Down's syndrome and acute lymphoblastic leukaemia: clinical features and response to treatment

  1. J M Chessellsa,
  2. G Harrisonb,
  3. S M Richardsb,
  4. C C Baileyc,
  5. F G H Hilld,
  6. B E Gibsone,
  7. I M Hannf
  1. aMolecular Haematology Unit, Camelia Botnar Laboratories, Institute of Child Health, 30 Guilford Street, London WCIN 1EH, UK, bClinical Trial Service Unit, Harkness Building, Radcliffe Infirmary, Oxford OX2 6HE, UK, cNorthern and Yorkshire Region, Research School of Medicine, 24 Hyde Terrace, Leeds LS2 9LN, UK, dBirmingham Children's Hospital, Steelhouse Lane, Birmingham B4 6NH, UK, eRoyal Hospital for Sick Children, Glasgow G3 8SJ, UK, fHospital for Sick Children, Great Ormond Street, London WC1N 3JH, UK
  1. Dr Chessellsj.chessells{at}ich.ucl.ac.uk
  • Accepted 6 July 2001

Abstract

AIMS To examine the clinical and biological features of acute lymphoblastic leukaemia in children with Down's syndrome (DS), to compare their survival with other children, and to determine if entry to trials and survival has improved.

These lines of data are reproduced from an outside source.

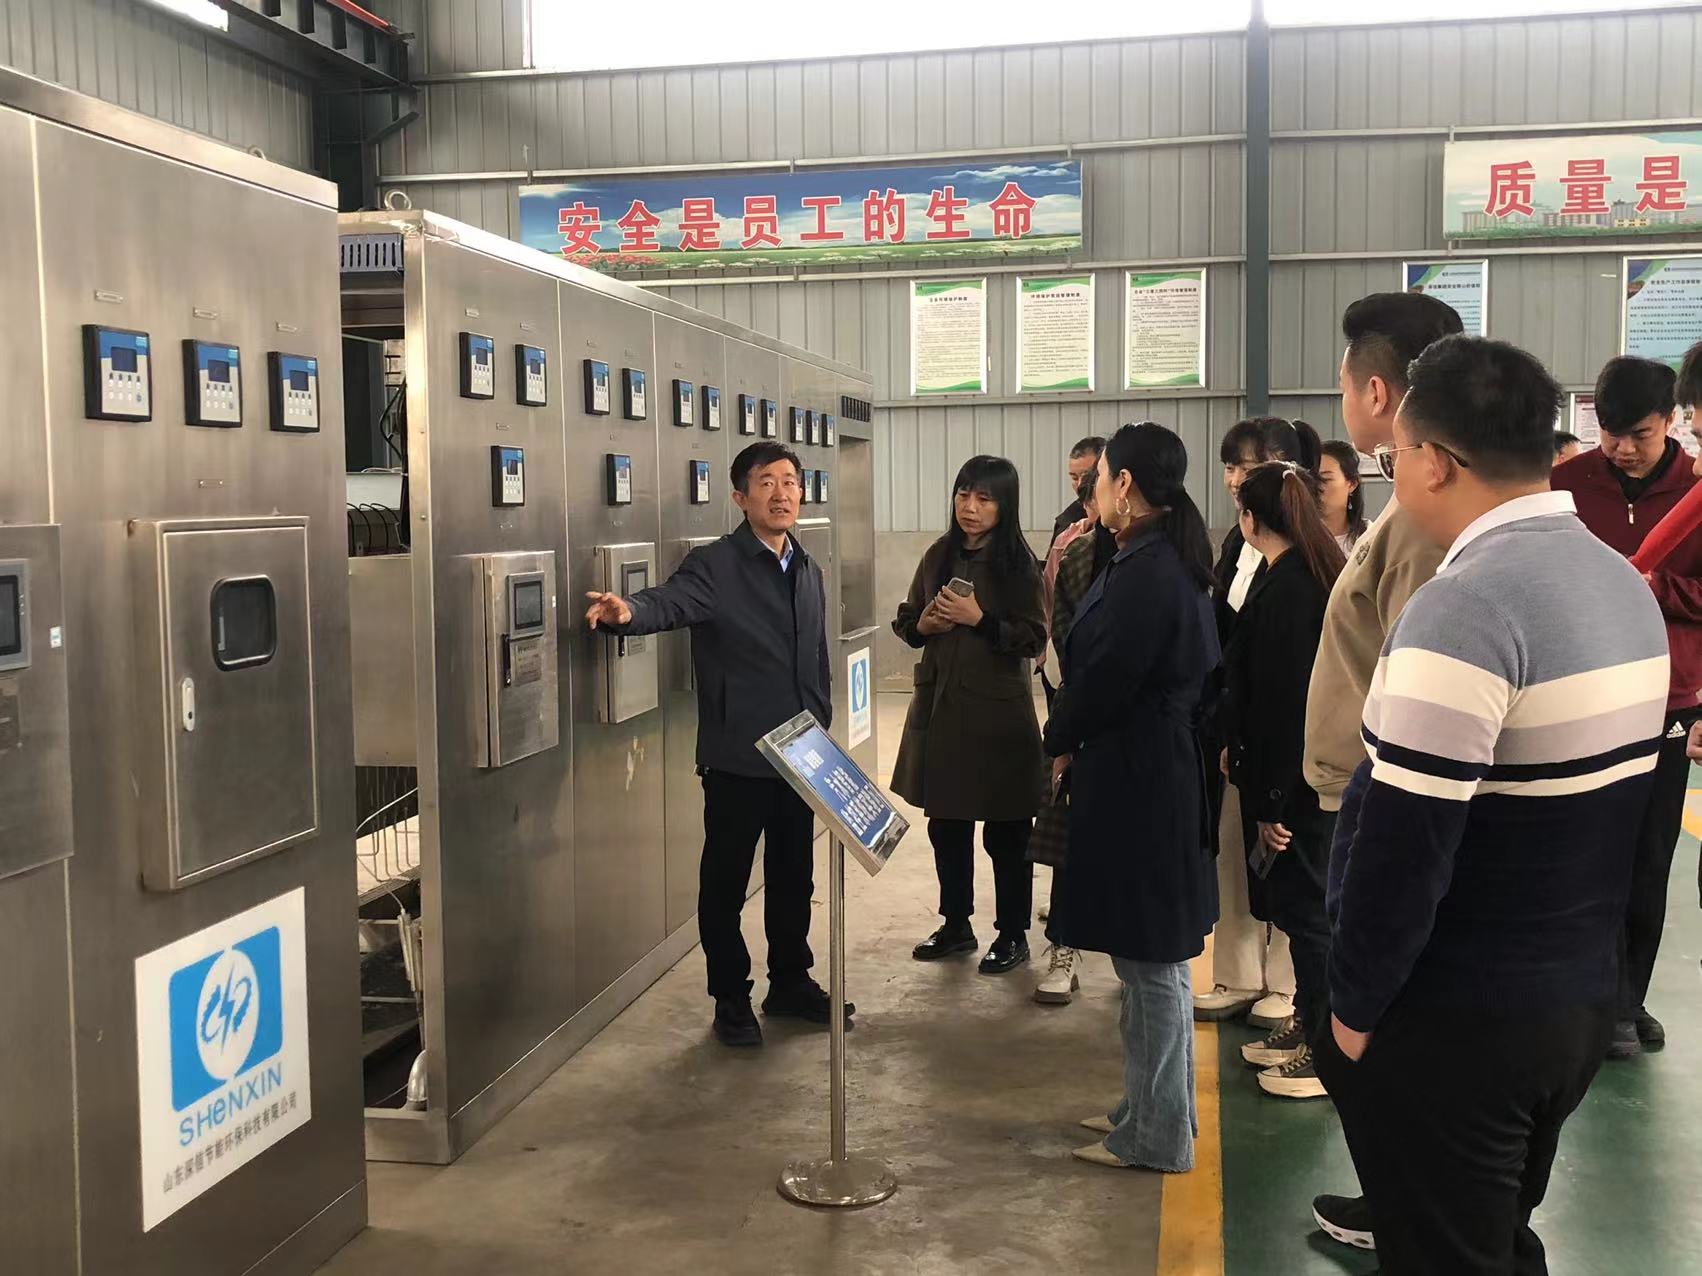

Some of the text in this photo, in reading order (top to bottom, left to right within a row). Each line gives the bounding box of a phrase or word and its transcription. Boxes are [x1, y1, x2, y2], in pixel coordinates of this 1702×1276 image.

[557, 180, 1038, 256] 安全是员工的生命
[1484, 154, 1689, 218] 质量是
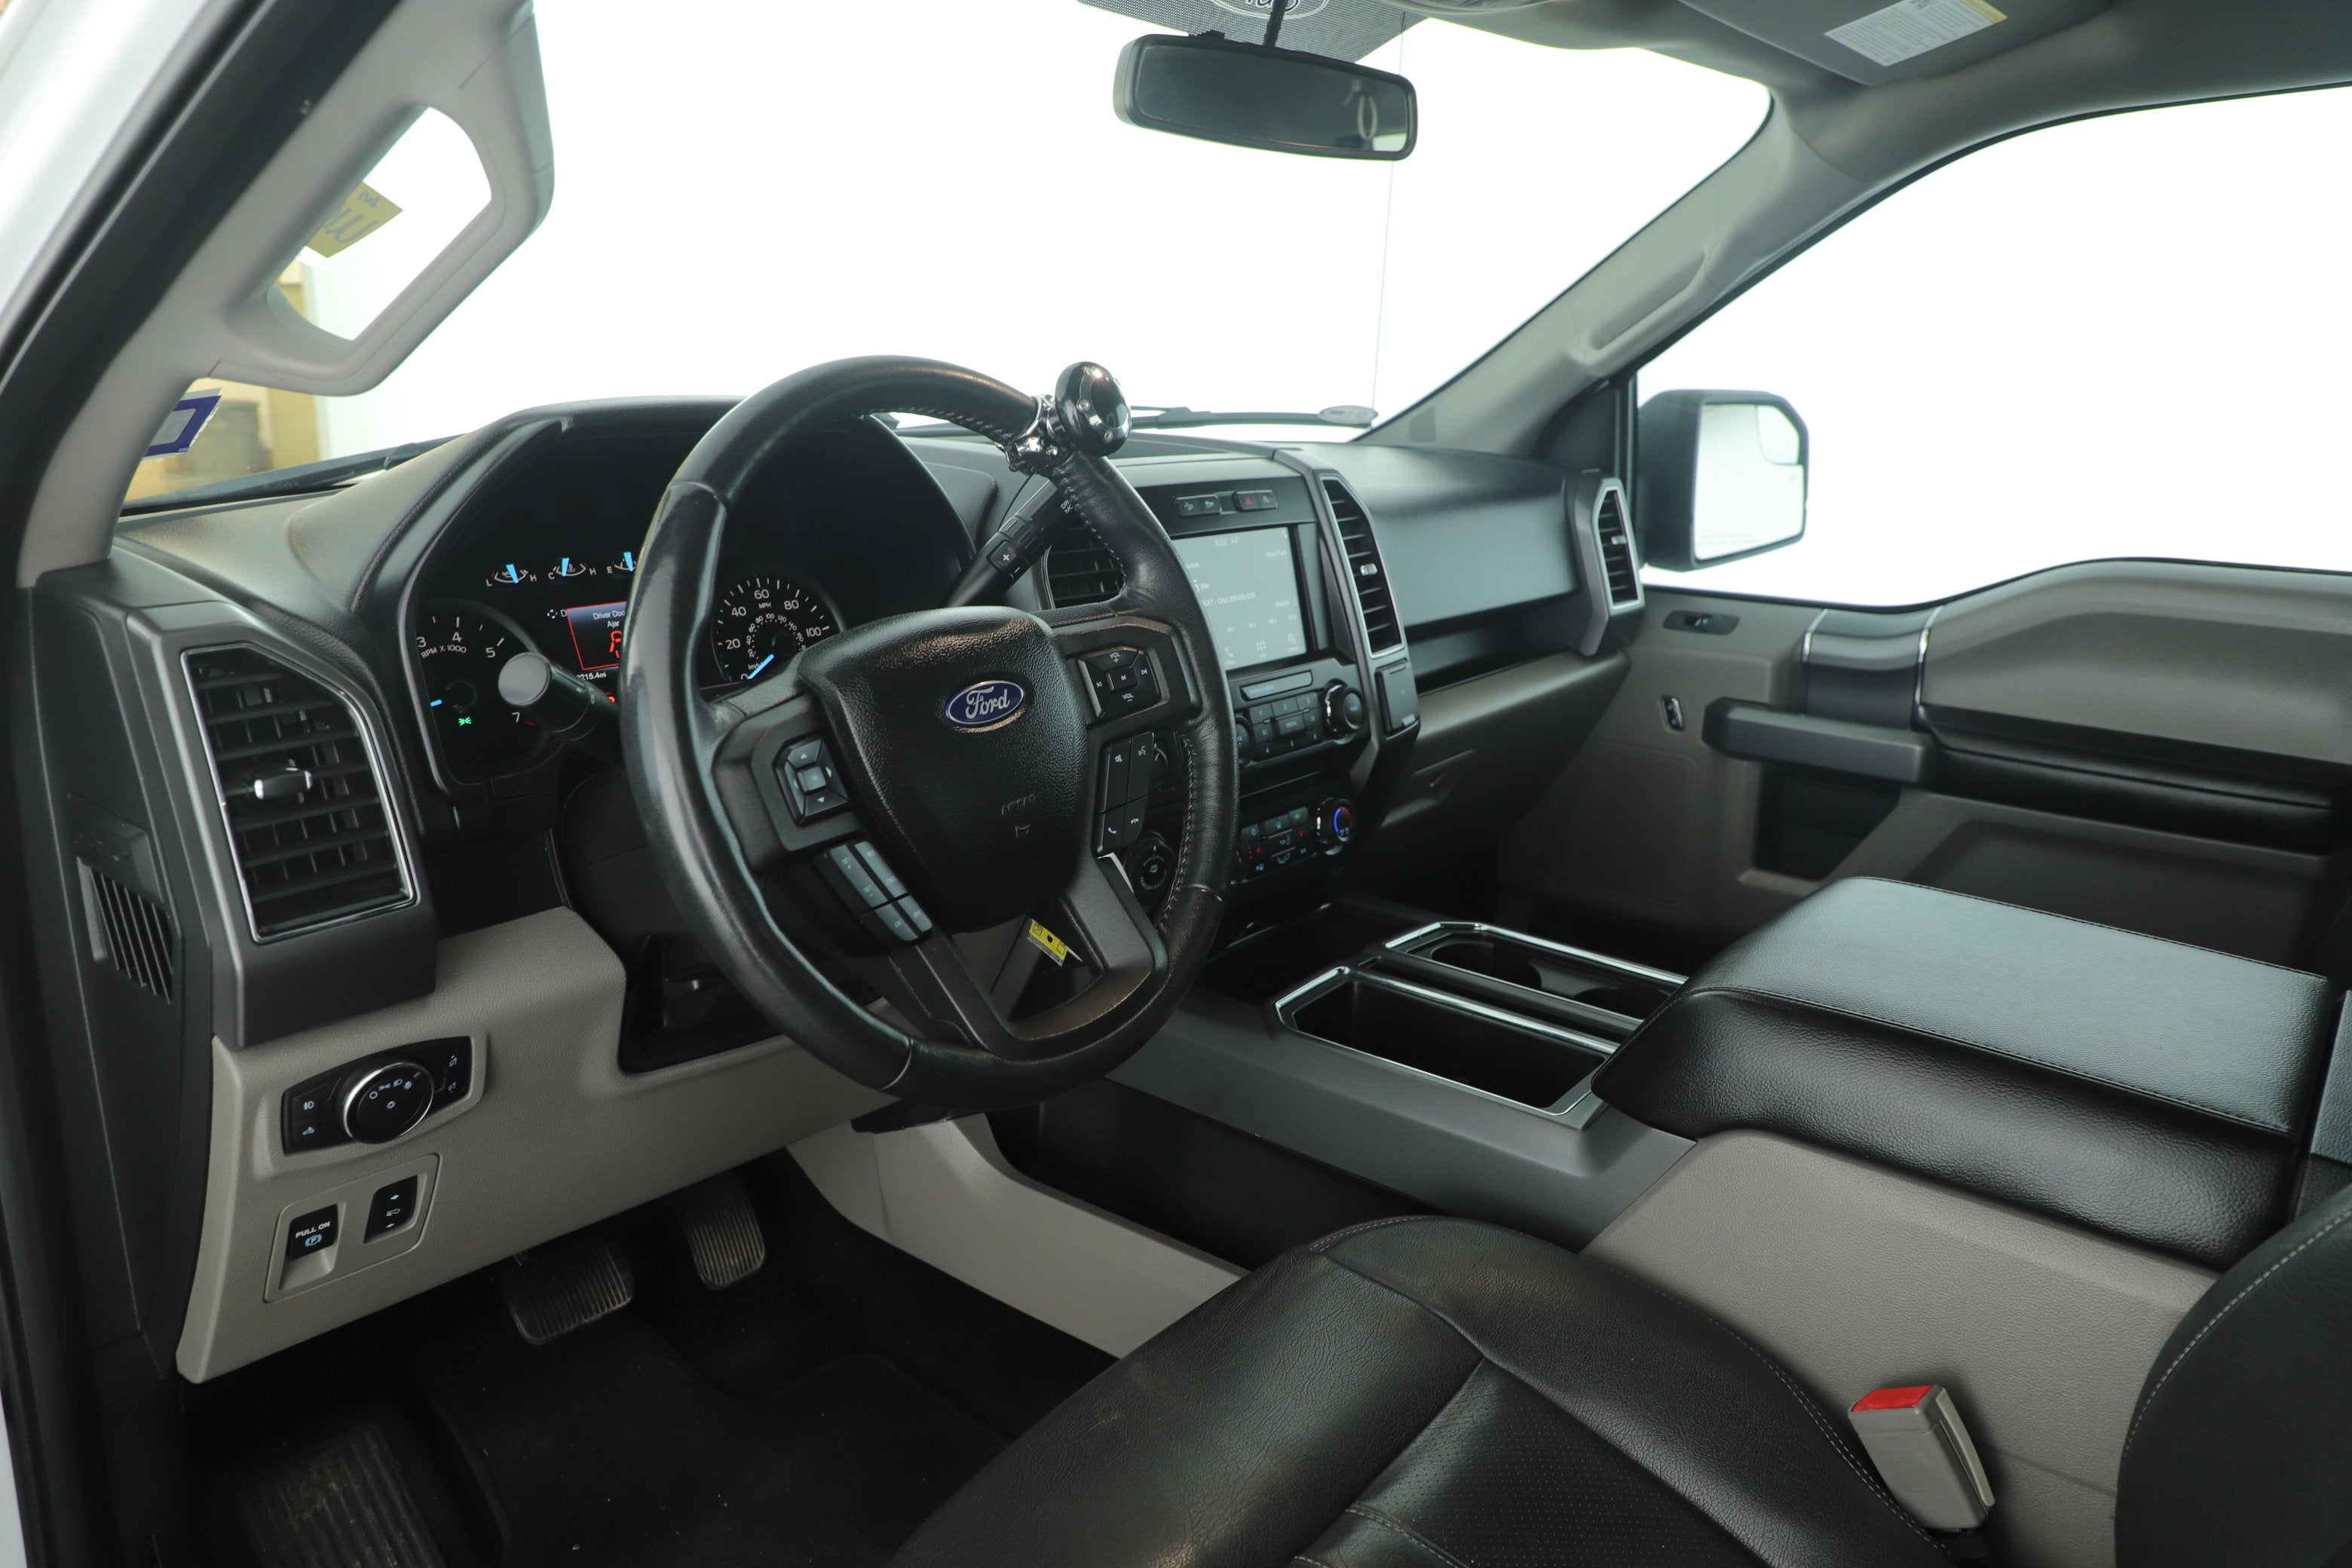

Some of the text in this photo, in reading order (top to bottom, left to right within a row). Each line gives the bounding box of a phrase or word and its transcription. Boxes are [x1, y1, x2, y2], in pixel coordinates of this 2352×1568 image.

[548, 571, 555, 580] C
[754, 589, 770, 599] 60
[784, 599, 800, 610] 80
[593, 611, 611, 620] Driver
[731, 606, 747, 617] 40
[607, 620, 620, 629] Ajar
[452, 632, 462, 642] 4
[806, 627, 822, 638] 100
[416, 636, 427, 648] 3
[725, 639, 741, 650] 20
[421, 647, 438, 659] RPM
[447, 645, 467, 654] 1000
[485, 647, 496, 658] 5
[965, 685, 1010, 719] Ford
[511, 711, 520, 723] 7
[296, 1221, 330, 1239] PULL ON
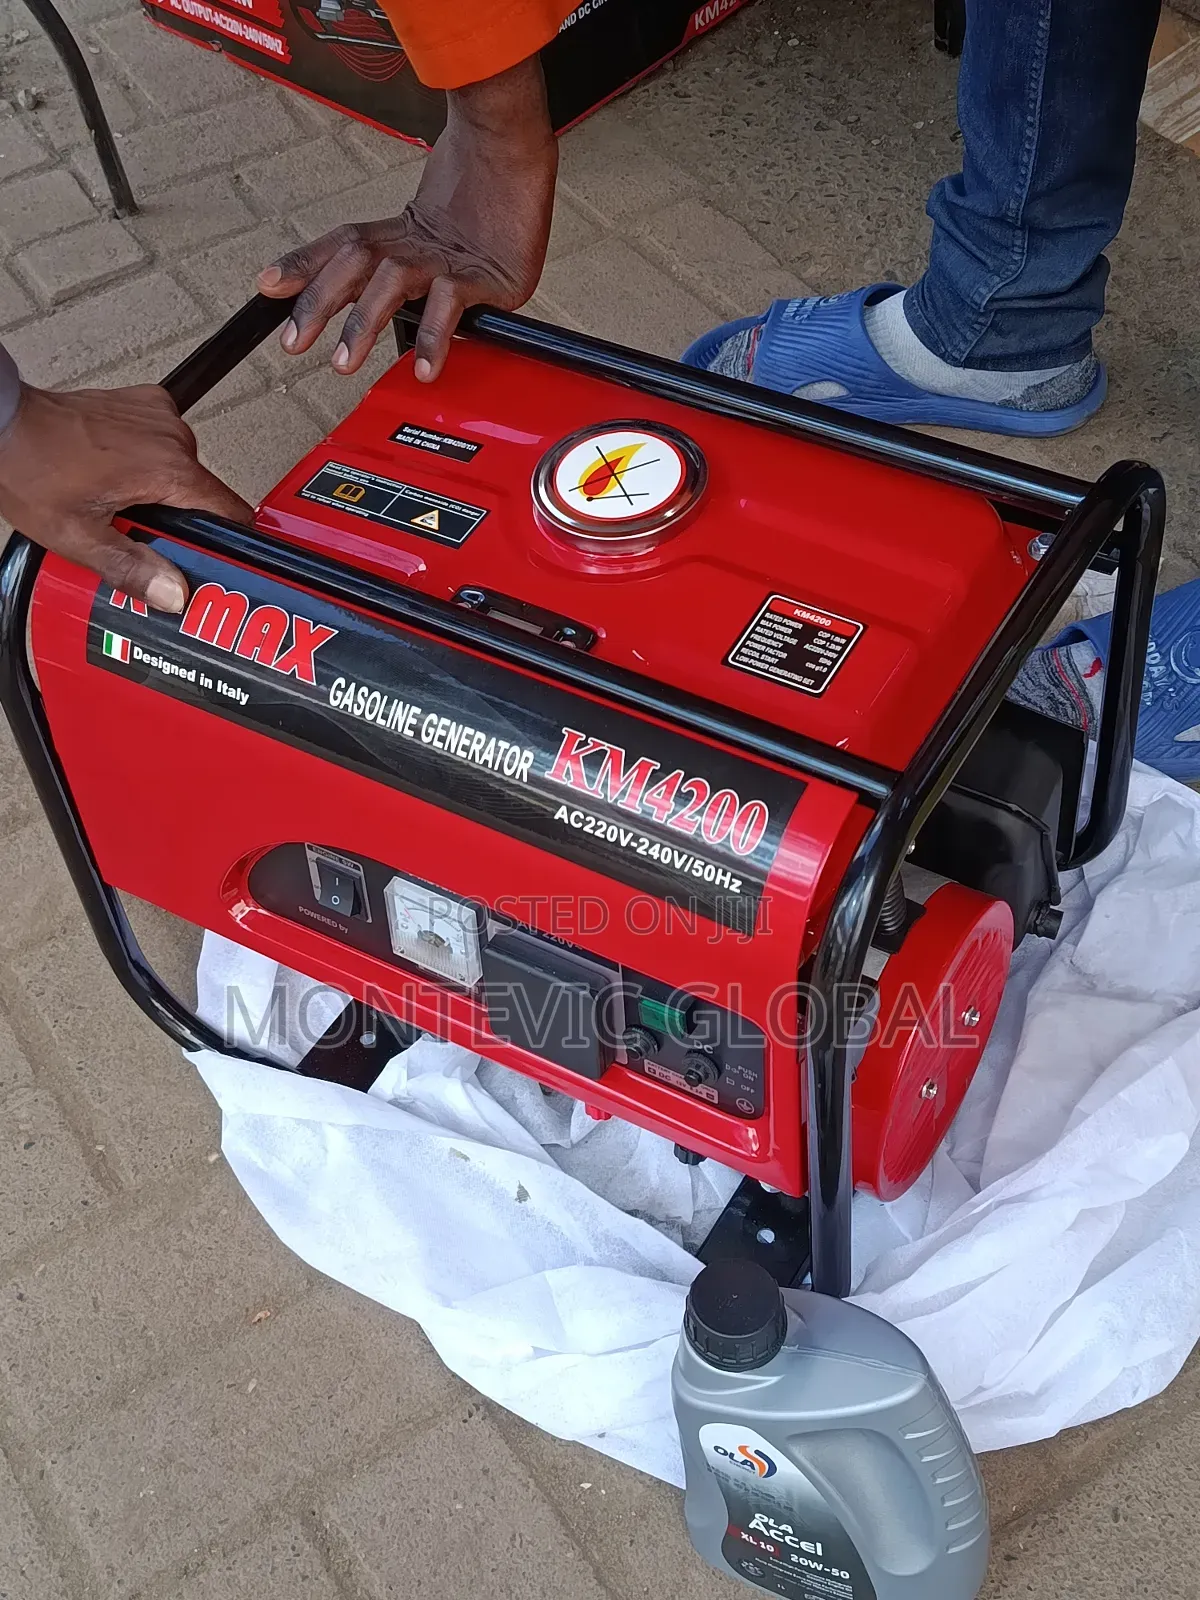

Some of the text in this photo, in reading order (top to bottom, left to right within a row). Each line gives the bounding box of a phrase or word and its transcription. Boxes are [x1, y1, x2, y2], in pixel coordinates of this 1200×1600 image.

METHODS Examination of presenting features and response to treatment in patients treated in two consecutive national trials, MRC UKALL X and XI.

RESULTS The proportion of children with DS was significantly higher in UKALL XI (1.9%) than UKALL X (0.9%). Children with DS tended to be under 10 years and to have the common ALL subtype. Cytogenetic analysis showed that favourable features, such as high hyperdiploidy and t(12;21) were less frequent but also that there was a lack of translocations associated with a poor prognosis. Children with DS showed no increase in risk of relapse at any site but their survival and event free survival were inferior to other children. These results were caused by an increased number of infective deaths during remission (11% compared to 2%). At five years overall survival was 73% in DS children compared with 82% in other children; event free survival was 53% compared to 63% in non-DS children.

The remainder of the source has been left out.